New energy-climate strategy: no right to defer

The International Energy Agency stated in a special edition of its report that the "price" for delays in taking active measures against climate change by 2020 is 5 trillion dollars. The experts claim that adequate "rapid response" measures to reduce greenhouse gas emissions will not have negative consequences for the economy.

The authors of the special report, "Redrawing the energy-climate map", published in late June by the International Energy Agency (IEA) say that implementation of the currently planned measures to combat climate change will not limit global warming to two degrees.

The special report was prepared and published because the situation is very serious: until 2015, no international climate documents will be signed, and the legal obligations arising from the agreement will take effect no earlier than 2020.

Analysing the situation, the report highlights that the frequency and intensity of extreme weather events (heat, floods, etc.) will increase, and the global temperature and the ocean level will rise. The experts believe that emission reductions are "absolutely technically feasible", although extremely difficult.
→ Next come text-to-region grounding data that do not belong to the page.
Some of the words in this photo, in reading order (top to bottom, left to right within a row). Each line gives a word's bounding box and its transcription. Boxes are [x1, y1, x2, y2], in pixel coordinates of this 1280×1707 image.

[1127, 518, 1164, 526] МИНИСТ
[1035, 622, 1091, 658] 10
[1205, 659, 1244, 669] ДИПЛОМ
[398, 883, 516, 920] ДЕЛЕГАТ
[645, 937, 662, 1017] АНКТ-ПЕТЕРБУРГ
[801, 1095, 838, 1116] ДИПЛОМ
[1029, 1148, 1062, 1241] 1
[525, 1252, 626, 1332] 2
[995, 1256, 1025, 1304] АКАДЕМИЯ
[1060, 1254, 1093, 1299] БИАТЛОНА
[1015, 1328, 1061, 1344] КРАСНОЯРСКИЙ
To achieve the objective, effective action shall be taken before 2020.

According to experts, energy sector shall be the main area of the global climate actions, while it accounts for about two thirds of greenhouse gas emissions.
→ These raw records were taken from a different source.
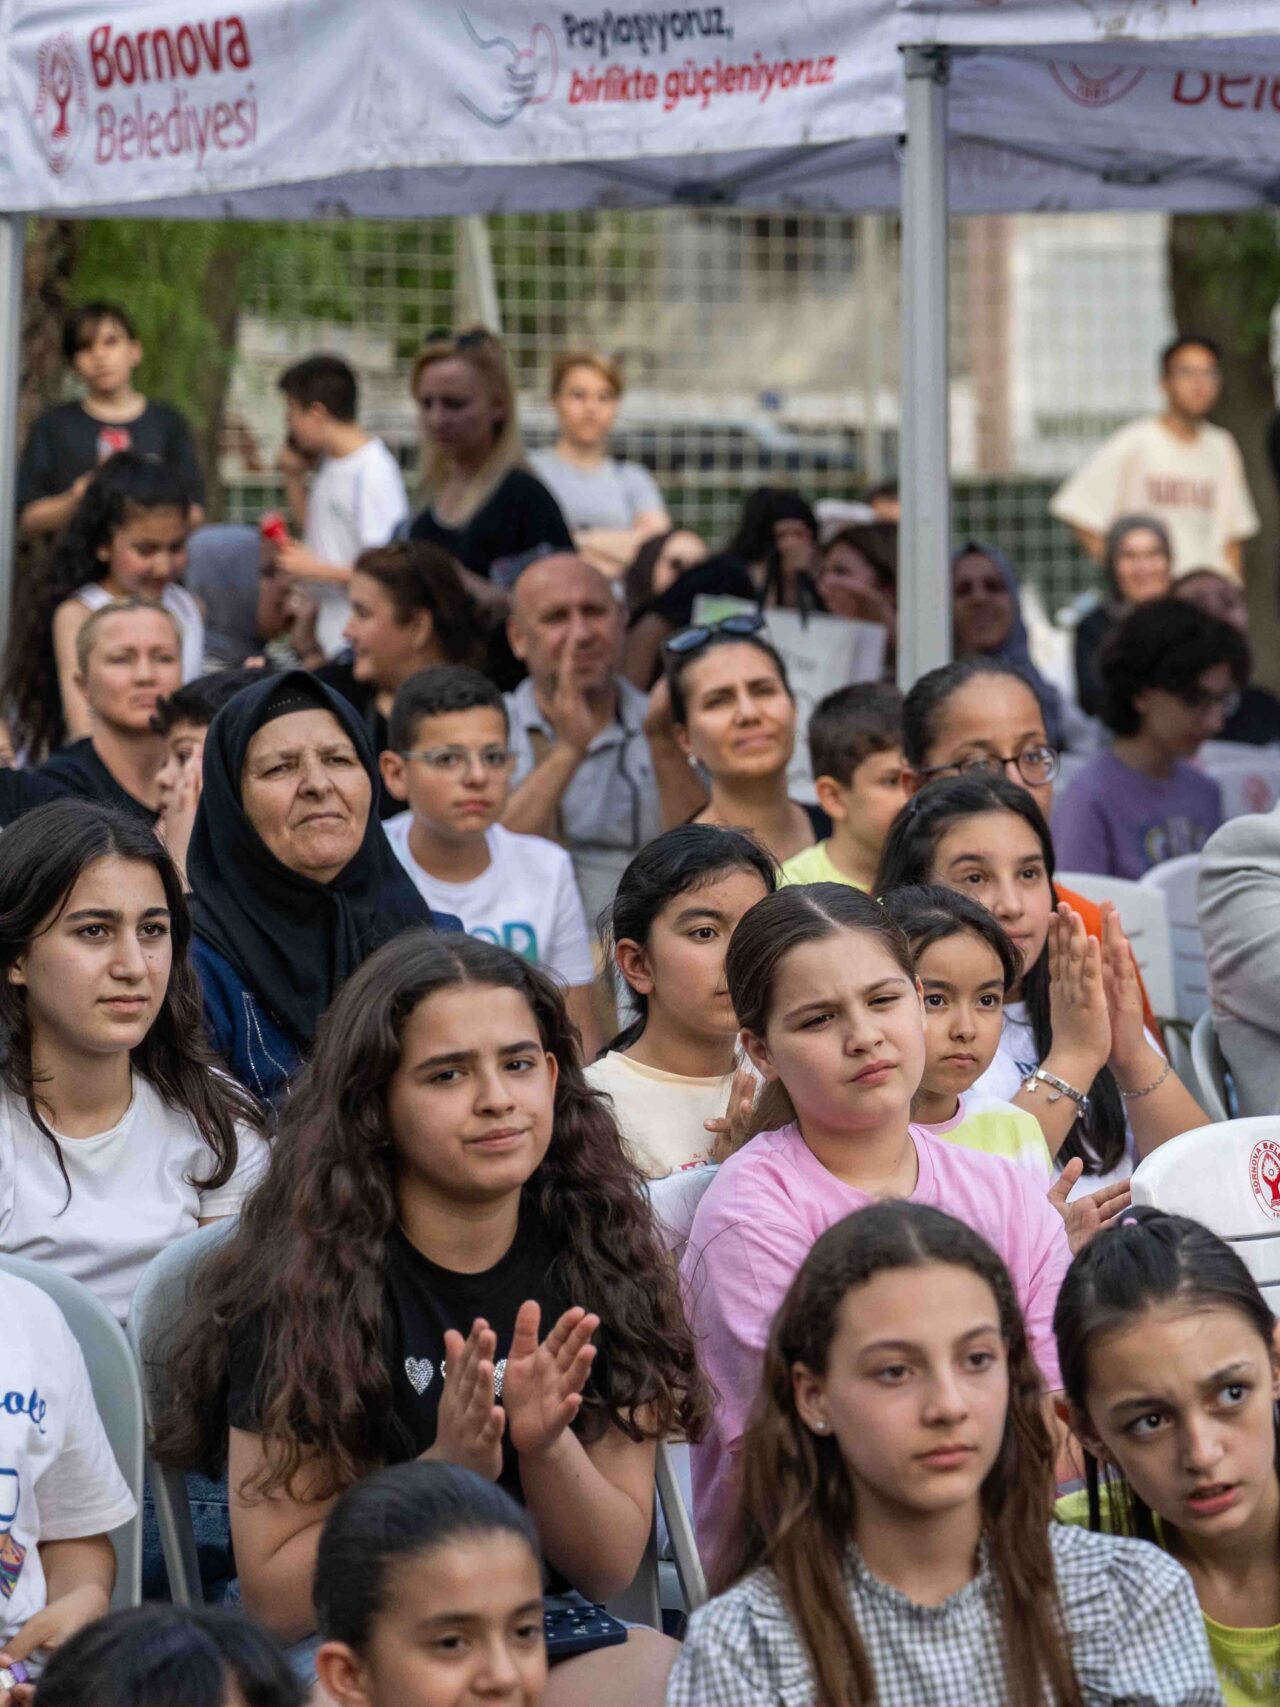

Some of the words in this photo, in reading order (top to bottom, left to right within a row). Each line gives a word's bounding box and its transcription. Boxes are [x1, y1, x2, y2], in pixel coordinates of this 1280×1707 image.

[89, 15, 252, 89] Bornova
[561, 7, 734, 57] Paylaşıyoruz,
[568, 64, 659, 104] birlikte
[663, 51, 837, 111] güçleniyoruz
[94, 82, 258, 171] Belediyesi
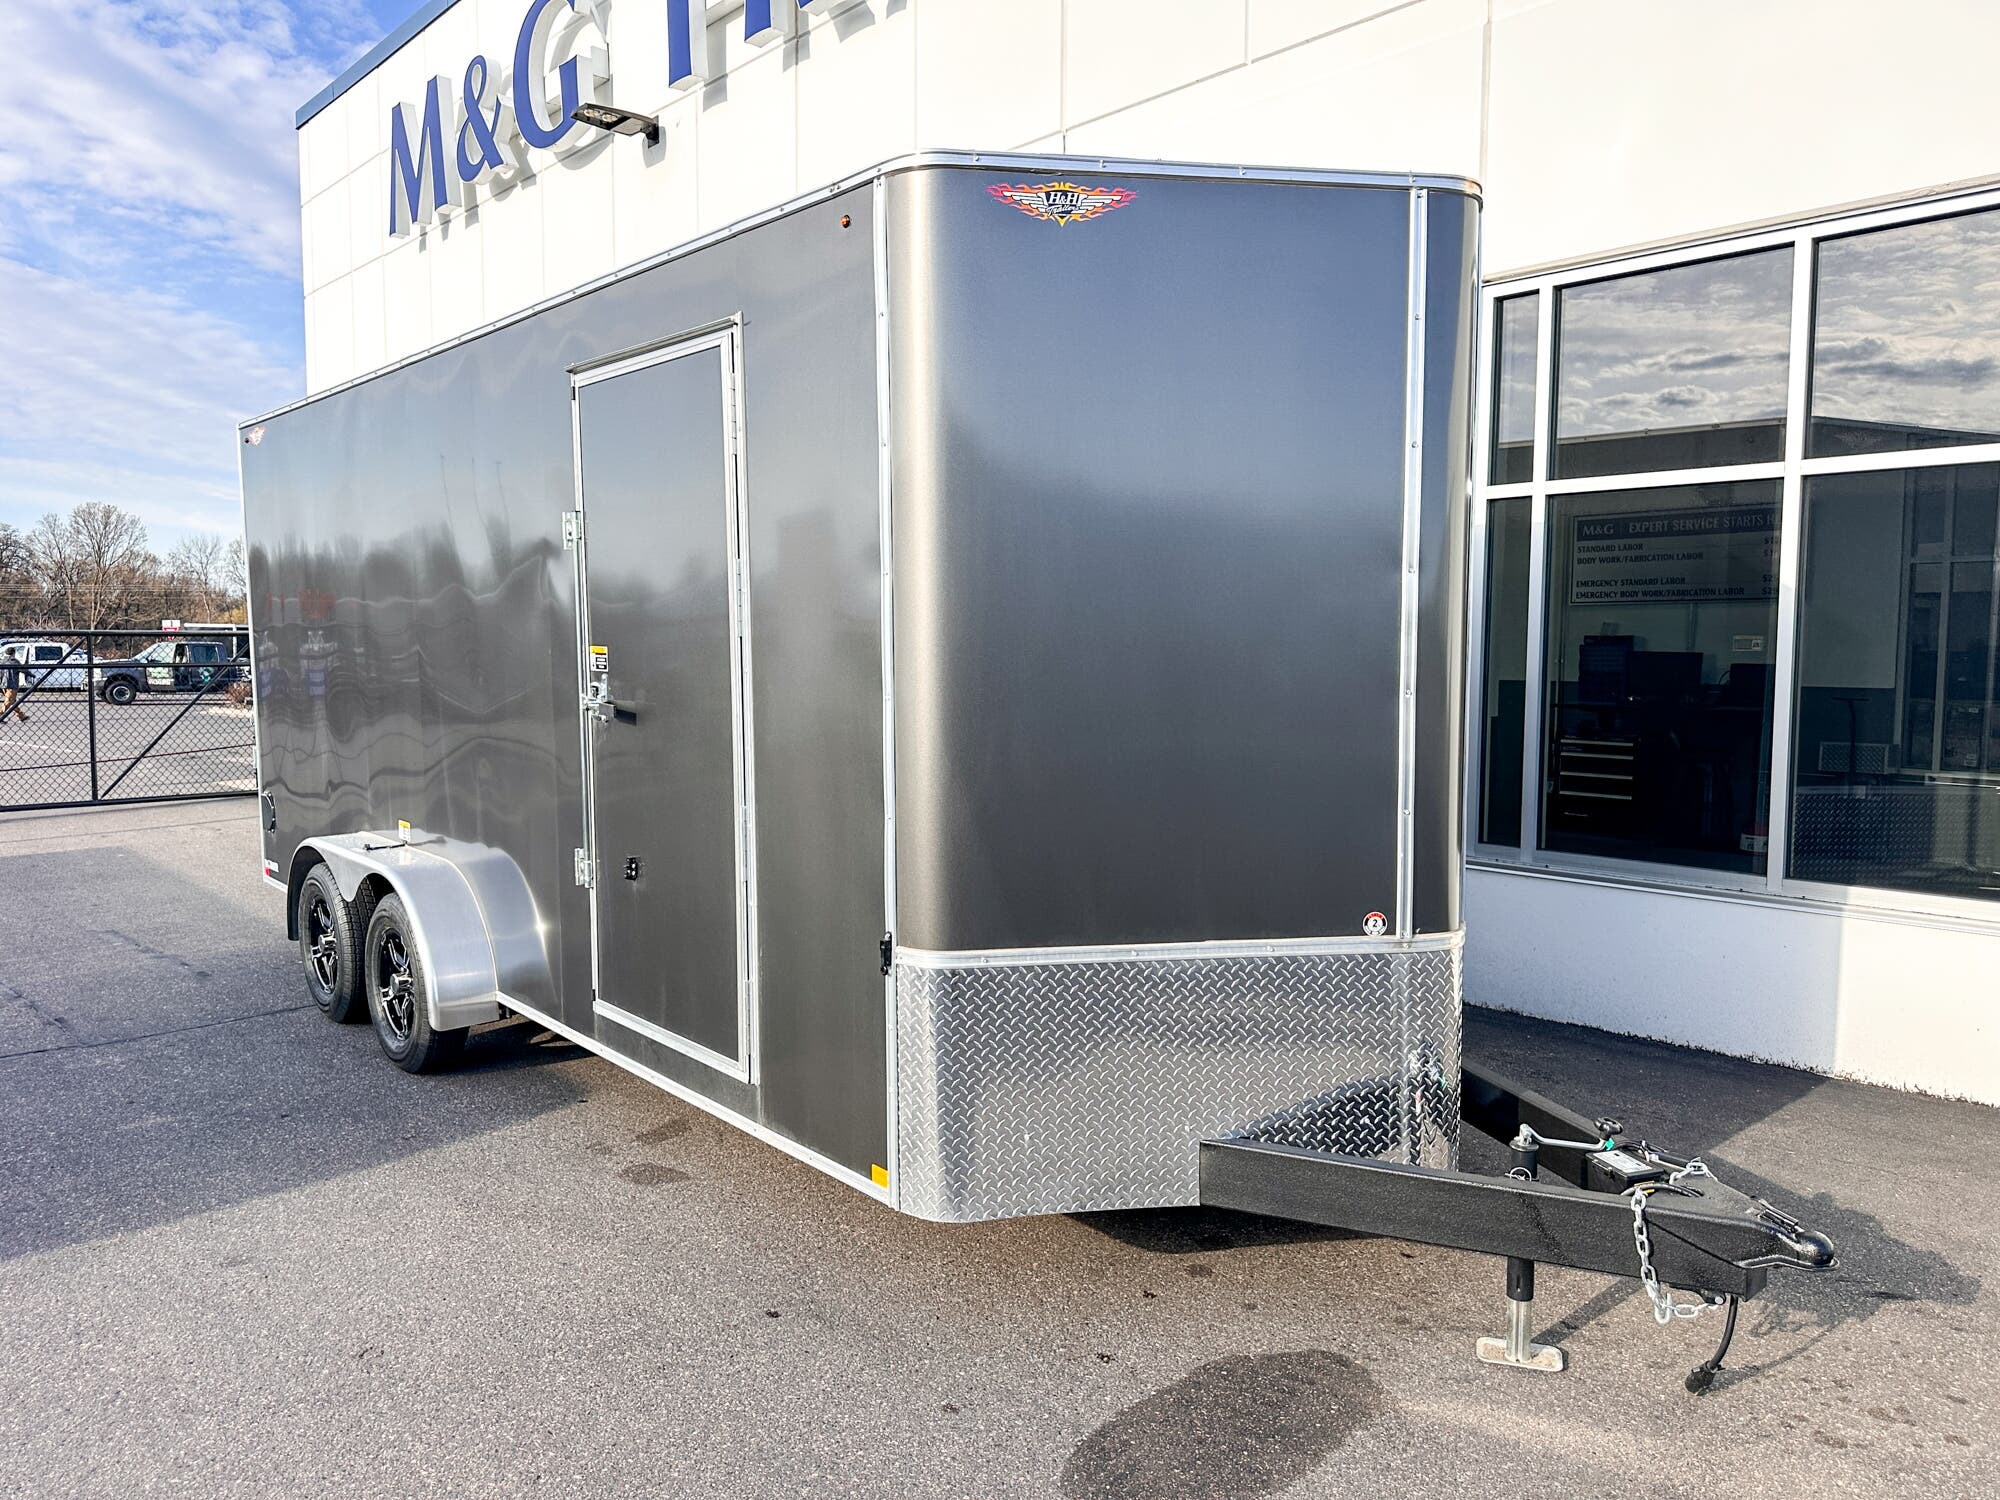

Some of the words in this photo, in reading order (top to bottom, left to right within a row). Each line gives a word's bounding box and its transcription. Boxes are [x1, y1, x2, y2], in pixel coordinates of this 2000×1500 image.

[389, 0, 611, 238] M&G
[1050, 191, 1080, 205] H&H
[1582, 523, 1615, 537] M&G
[1629, 520, 1669, 534] EXPERT
[1672, 516, 1720, 531] SERVICE
[1723, 513, 1764, 528] STARTS
[1577, 544, 1616, 554] STANDARD
[1618, 543, 1644, 552] LABOR
[1577, 556, 1597, 565] BODY
[1599, 552, 1674, 564] WORK/FABRICATION
[1676, 551, 1704, 561] LABOR
[1576, 579, 1618, 588] EMERGENCY
[1620, 578, 1658, 587] STANDARD
[1660, 576, 1686, 585] LABOR
[1576, 590, 1618, 599] EMERGENCY
[1620, 589, 1640, 598] BODY
[1641, 587, 1717, 598] WORK/FABRICATION
[1718, 586, 1745, 596] LABOR
[1371, 918, 1379, 928] 2
The authors of the report suggest national governments to rely on a quick response. The IEA proposes four areas of energy policy that could help to reduce greenhouse gas emissions by 80 %. These actions should lead to changes sufficient to reach the level of 2 oC. In turn, this would give valuable time while international negotiations on climate issues continue before the conference in Paris (2015) and until the states take necessary decisions waiting for signing of a new international agreement.

Experts suggest, as a rapid response, the actions which have been repeatedly proposed by representatives of non-governmental organizations in their positions on energy issues. Specific actions in the field of energy efficiency, limiting the construction and use of coal-fired power plants, reduction of methane emissions at oil and natural gas extraction, and gradual reduction of subsidies for fossil fuels shall be the main components of the new energy strategy.
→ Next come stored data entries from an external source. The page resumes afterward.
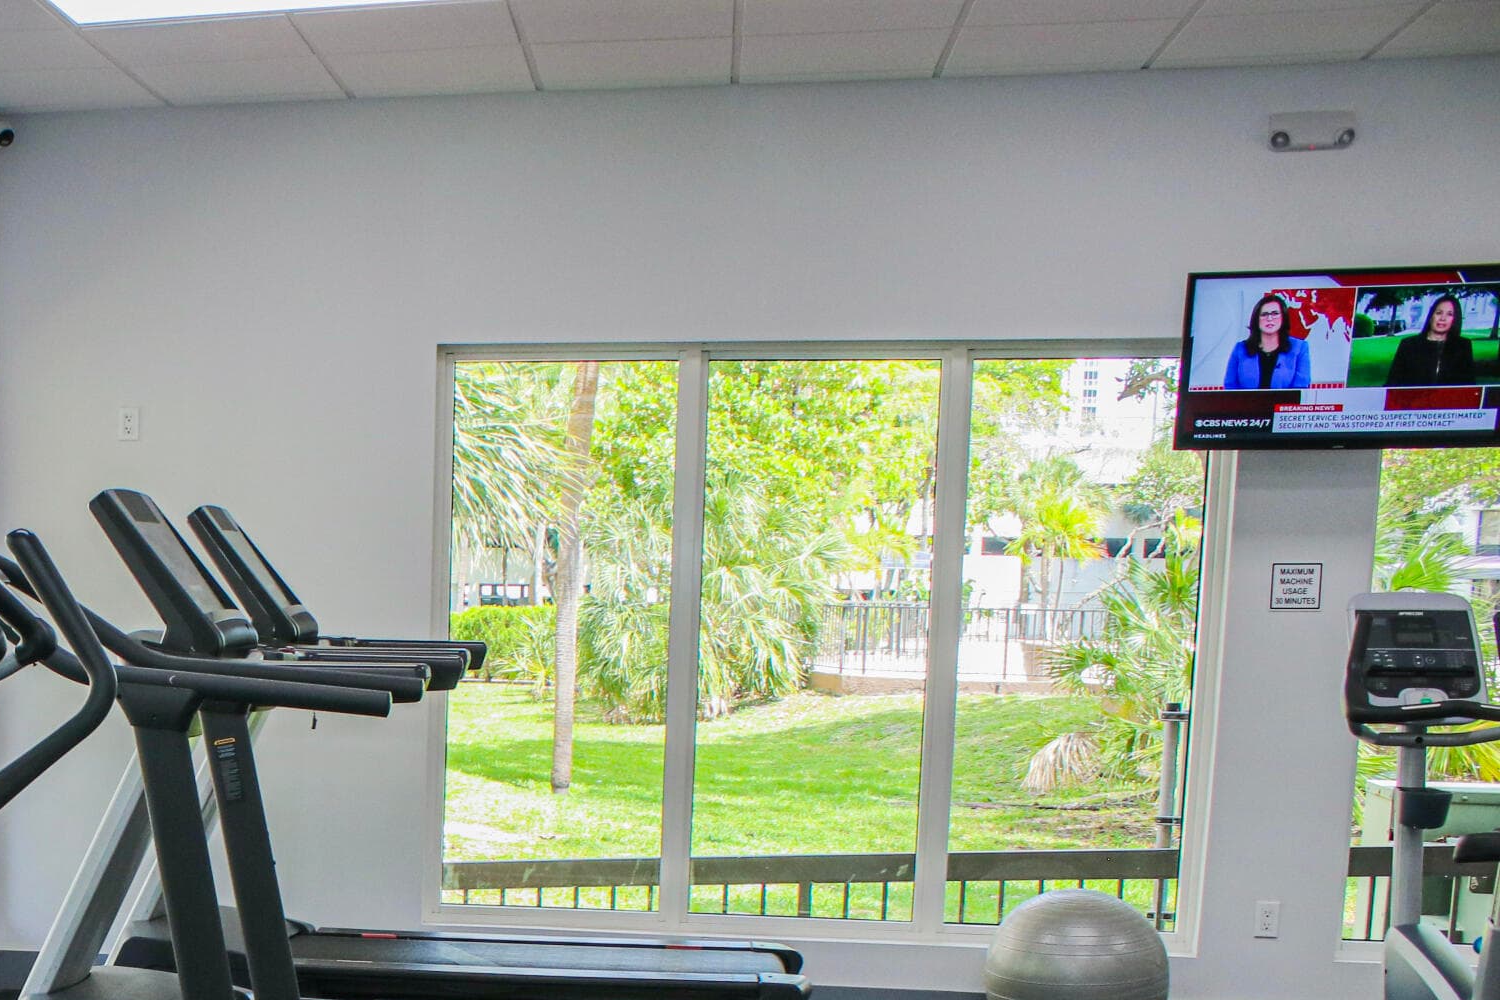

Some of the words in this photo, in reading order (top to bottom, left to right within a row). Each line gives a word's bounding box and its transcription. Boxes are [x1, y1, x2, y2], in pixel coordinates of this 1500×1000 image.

[1414, 412, 1486, 420] "UNDERESTIMATED"
[1202, 419, 1220, 427] CBS
[1221, 419, 1248, 427] NEWS
[1249, 418, 1271, 428] 24/7
[1280, 568, 1315, 576] MAXIMUM
[1282, 587, 1309, 595] USAGE
[1285, 597, 1316, 605] MINUTES
The proposed actions would allow 1.5 Gt emission reductions from the world energy sector by 2020. This is comparable to the current level of emissions in Russia.

Additional investments in the energy sector will be more than offset by lower fuel costs. By the way, the amount of subsidies for fossil fuel consumption in 2011 amounted to 523 billion dollars, almost six times exceeding the support for development of renewable energy sources.

The authors of the IEA report argue that the energy sector should be primarily interested in the above mentioned measures as extreme climatic events threaten power plants and networks, gas and oil pipelines and other infrastructure elements of the energy industry. There are also "low-intensity" processes of climate change, which also negatively influence the energy sector: the sea level rise endangers coastal energy infrastructures, shortage of water for power plants increases, demand for heating and cooling changes, etc.

It is obvious that all the problems and measures enumerated by the experts are directly related to Russia, which has huge potential for reducing energy consumption in industrial production, the prospects for utilization of associated petroleum gas, and still makes the bet on fossil fuels.

Russia does not yet participate in the IEA. However, Maria van der Hoeven, the Executive Director of the International Energy Agency, met Arkady Dvorkovich, the Russian Deputy Prime Minister, just a few days after the publication of the special report. According to media reports, they "discussed the issues of global energy security, as well as implementation of global initiatives in this area" at the meeting. Now, through the ongoing bilateral consultations, "co-operation will be intensified with a view to maximizing the contribution of the energy sector in the economic recovery and development, improving energy security in the world, as well as reducing the environmental impact caused by energy production and consumption." Will Russia have a new energy strategy?